The latest St. Vincent album shows the stern-faced Annie Clark staring out with the look of a corpse brought back to life through some high voltage electric shock to be more terrifyingly powerful, more faultless and less human than before. The content of her new album and her live show at the Albert Hall demonstrate this inhuman ferocity.
Though the fuzzy curls of mad hair are gone, when she walks on stage she still has the aura of an electrified automaton, nothing but the puppeteer of electricity firing off her neurons and synapses, the central nervous system a set of strings moving her like a doll. The hidden puppet master makes its presence known through electric bolts of thick, choppy distortion as she breaks into ‘Rattlesnake’. This song is a thrilling opener to the album and her set, where we see her break into frenzied, delicate and choreographed steps as she runs from a rattlesnake in a comical take on the tale of Eve meeting the serpent in Eden.

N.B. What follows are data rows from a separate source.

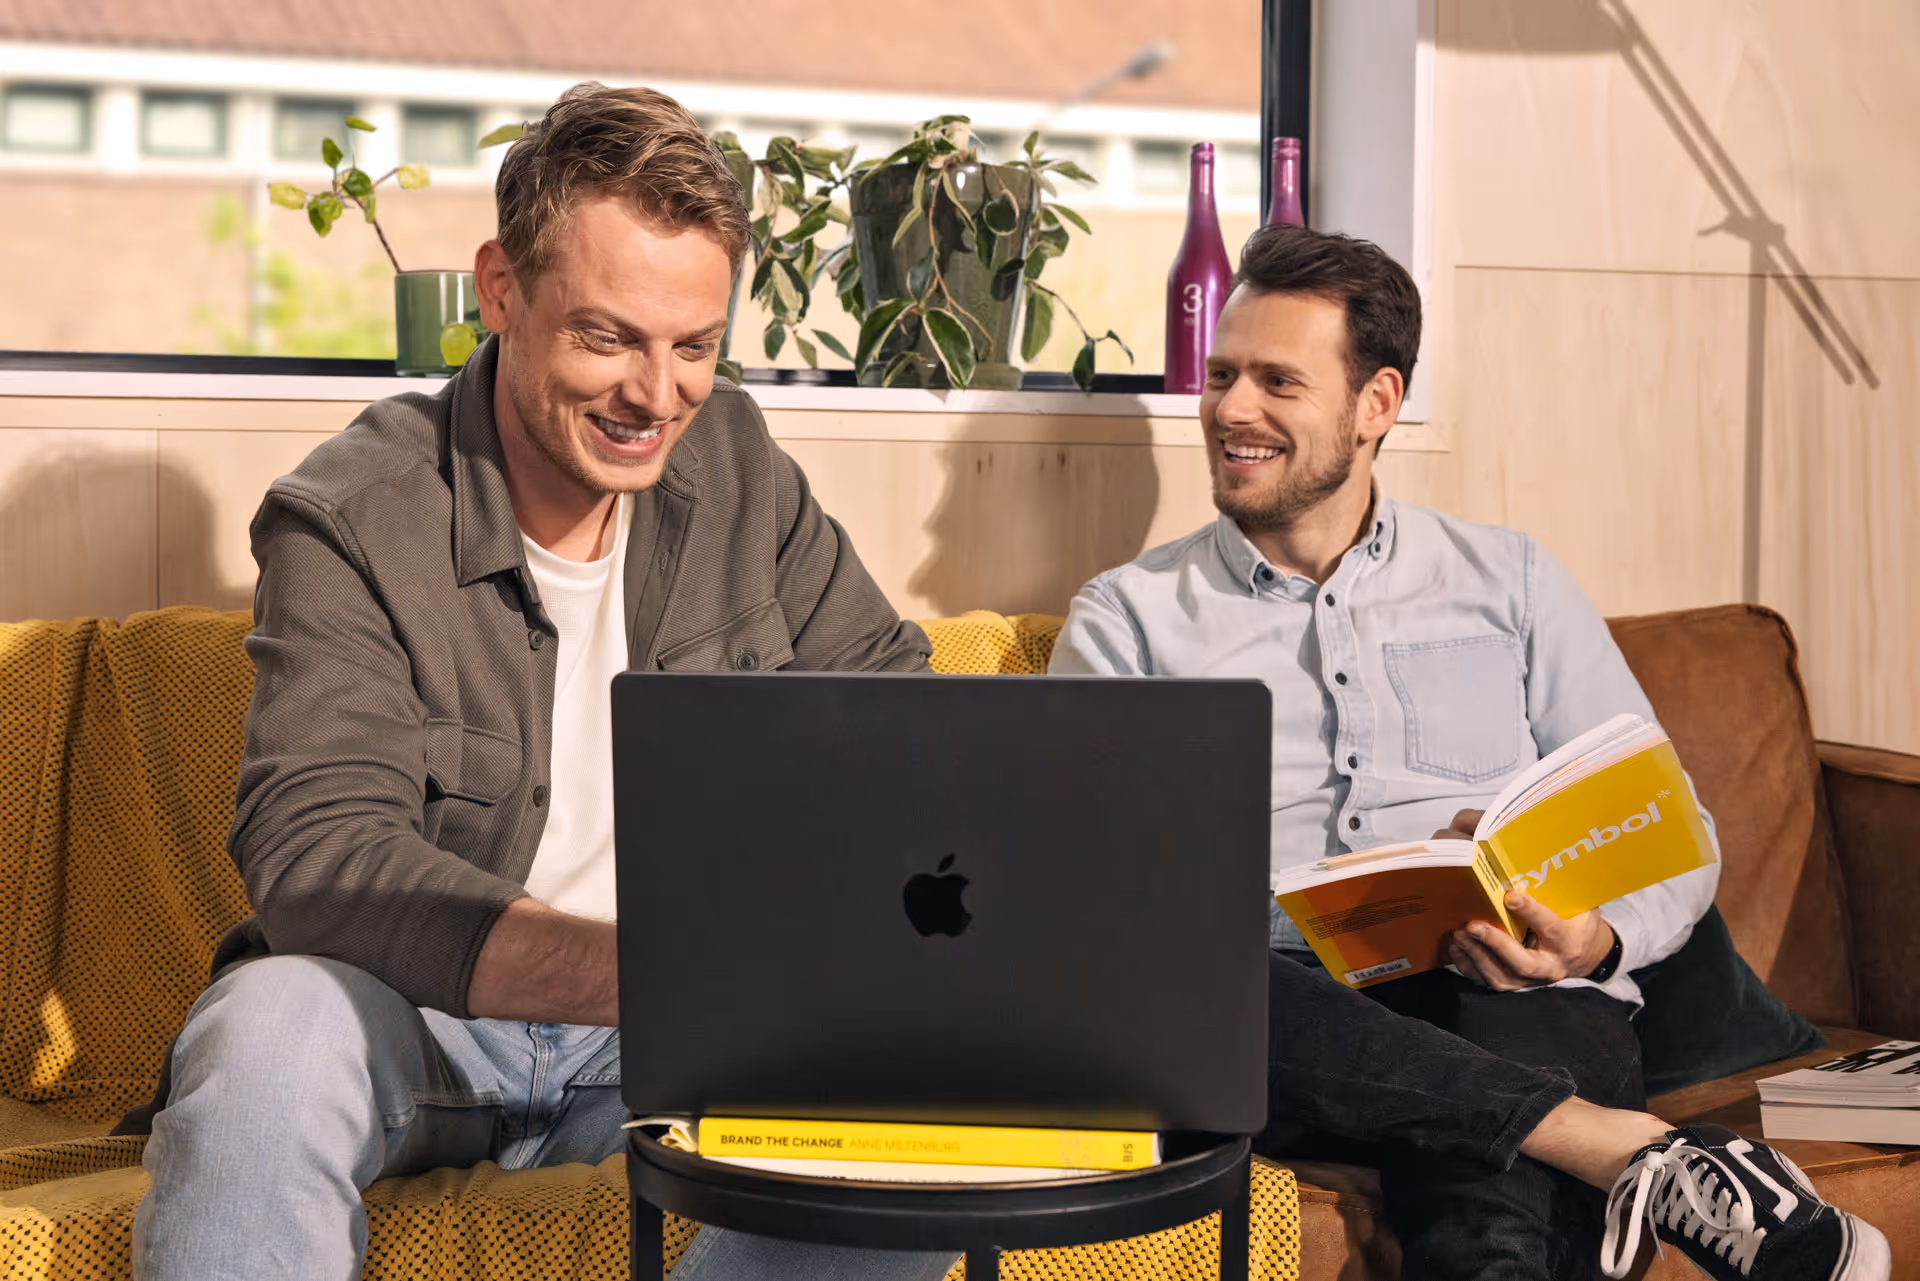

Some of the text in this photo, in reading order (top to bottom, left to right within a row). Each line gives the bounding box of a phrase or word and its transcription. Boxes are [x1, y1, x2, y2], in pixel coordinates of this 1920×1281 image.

[1183, 283, 1203, 313] 3
[720, 1134, 763, 1146] BRAND
[766, 1136, 789, 1147] THE
[792, 1137, 844, 1149] CHANGE
[849, 1138, 881, 1151] ANNE
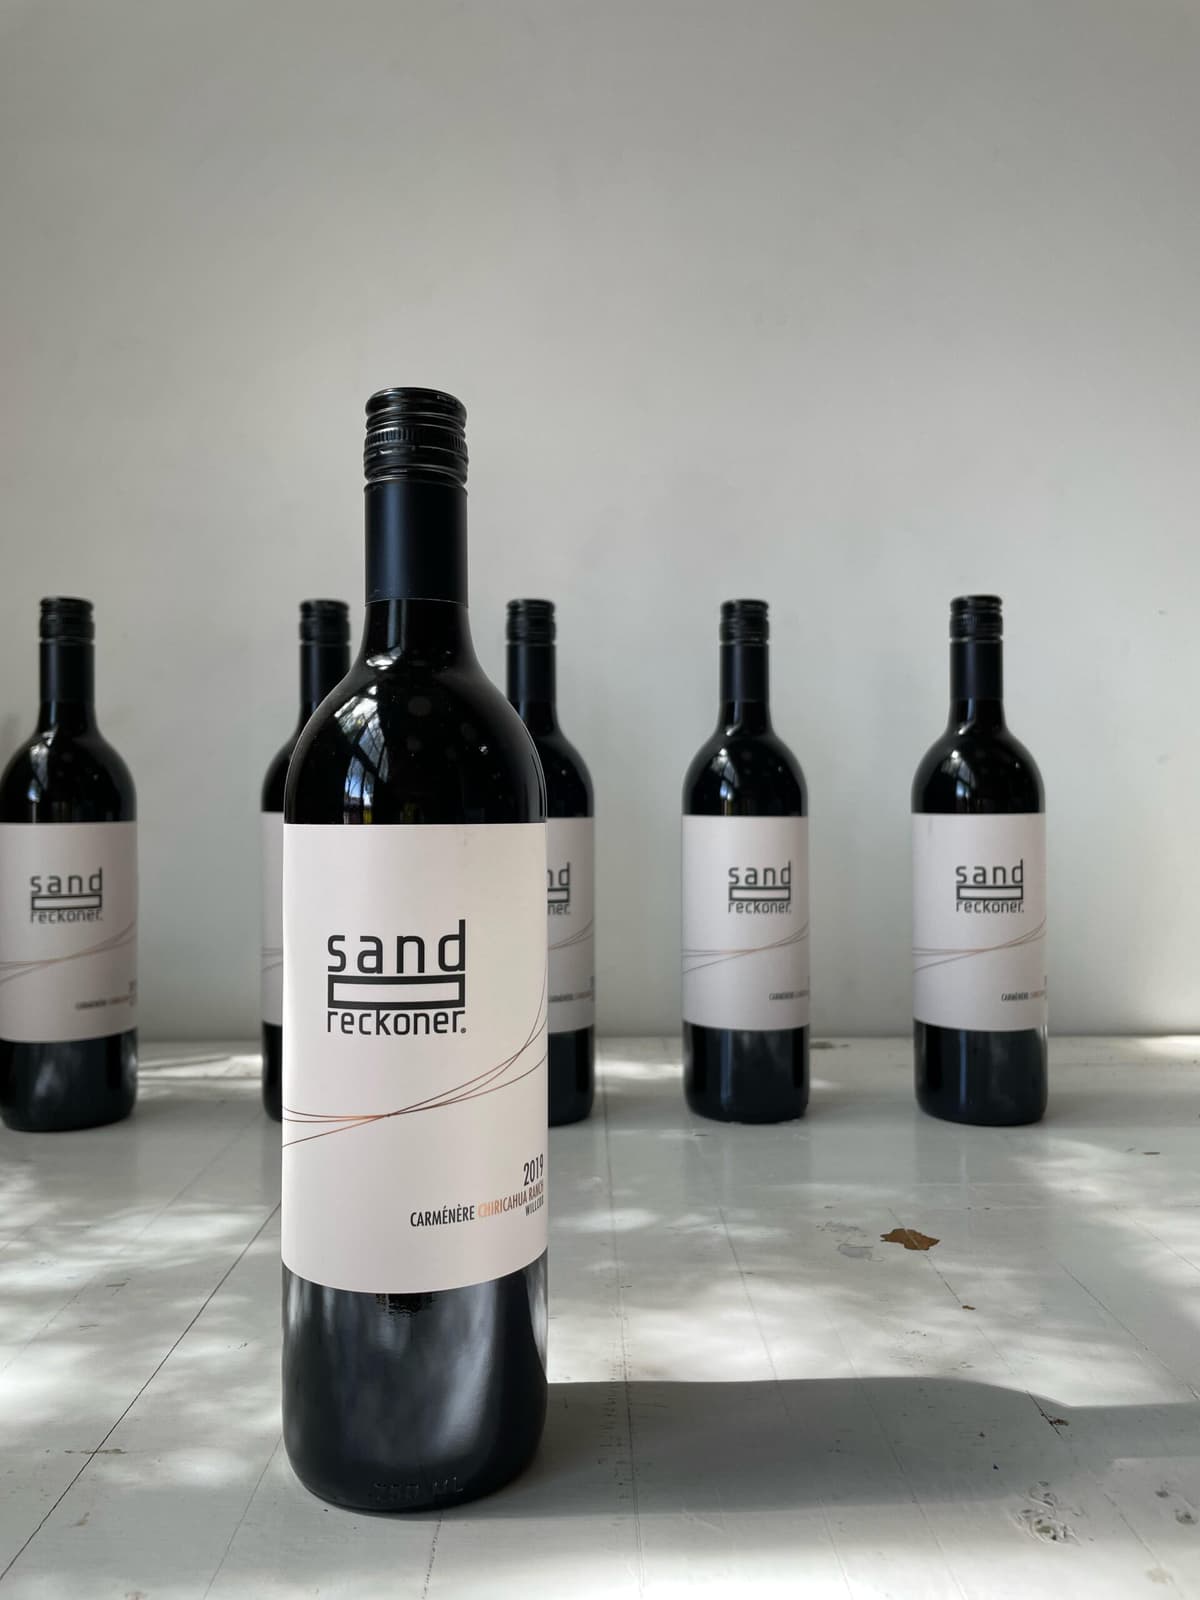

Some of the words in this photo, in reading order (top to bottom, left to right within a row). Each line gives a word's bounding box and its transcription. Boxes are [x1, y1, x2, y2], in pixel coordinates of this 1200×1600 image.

[30, 866, 103, 894] sand
[728, 860, 792, 886] sand
[955, 858, 1024, 885] sand
[327, 919, 466, 974] sand
[523, 1153, 543, 1187] 2019
[410, 1203, 475, 1227] CARMÉNÈRE
[477, 1190, 527, 1218] CHIRICAHUA

Her trademark choreography seems of equal importance in the show as her robotic use of the stage, from the short shuffling steps stylistically resembling Noh drama to the bizarre contortions and hand gestures that baffle and tease, overwhelming the senses until the brain decides to stop making sense of it all.
This is best summed up by her strange writhing in between playing some funky discordant guitar riffs – when her and bandmate Toko Yasuda make a snip-snip scissor motion in unison, sweeping across the audience, as if the nervous system, the senses, the puppet strings were being cut.
So often she is praised as a masterful guitar player. The heaviness of guitars and noise sounds at times like a chaotic King Crimson. But there are softer moments like the aching ‘Prince Johnny’. Masterful as she is at controlling a crowd, the melancholy mood kicks up and out into ‘Birth in Reverse’ and we watch her adeptly masturbate a guitar on stage.
A particularly disturbing and slightly comical moment occurs, as she performs ‘Chloe in the Afternoon’ – a highly sexualised song about bondage where she proceeds to gargle on stage for 30 seconds.
At times, her tuned performance reminds me of Bowie and ‘Rock and Roll Suicide’ came to mind during the encore. Climbing up onto the balcony, dangling, swinging and shuffling along, clinging to the brass railing of the upper tier, legs flailing, a potentially painful drop waits for her should she lose her grip.
Two people pull her up, she slides down the railing, falling, crawling flat on the floor. It could have been a Tommy Cooper moment with her lying desperately hurt on the stage and the crowd roaring and cheering for more.
More rock and roll deaths! More crackpots for our amusement! More sad disintegrations that move us! More Syd Barretts! More Jim Morrisons! More Natalie Portman in ‘Black Swan’ – but the audience have too much faith in her ability to put on a show, and sure enough, as she gives us her rock and roll death on stage, she gets reanimated by relentless noise and gives her thanks, walking off.
There is something jarring about the ostentatiously arty rock that is St. Vincent and whether this makes you recoil with discomfort at the showiness of the project or whether it draws you in out of curiosity, it certainly isn’t boring and personally, I thought it was pretttty – pretty good.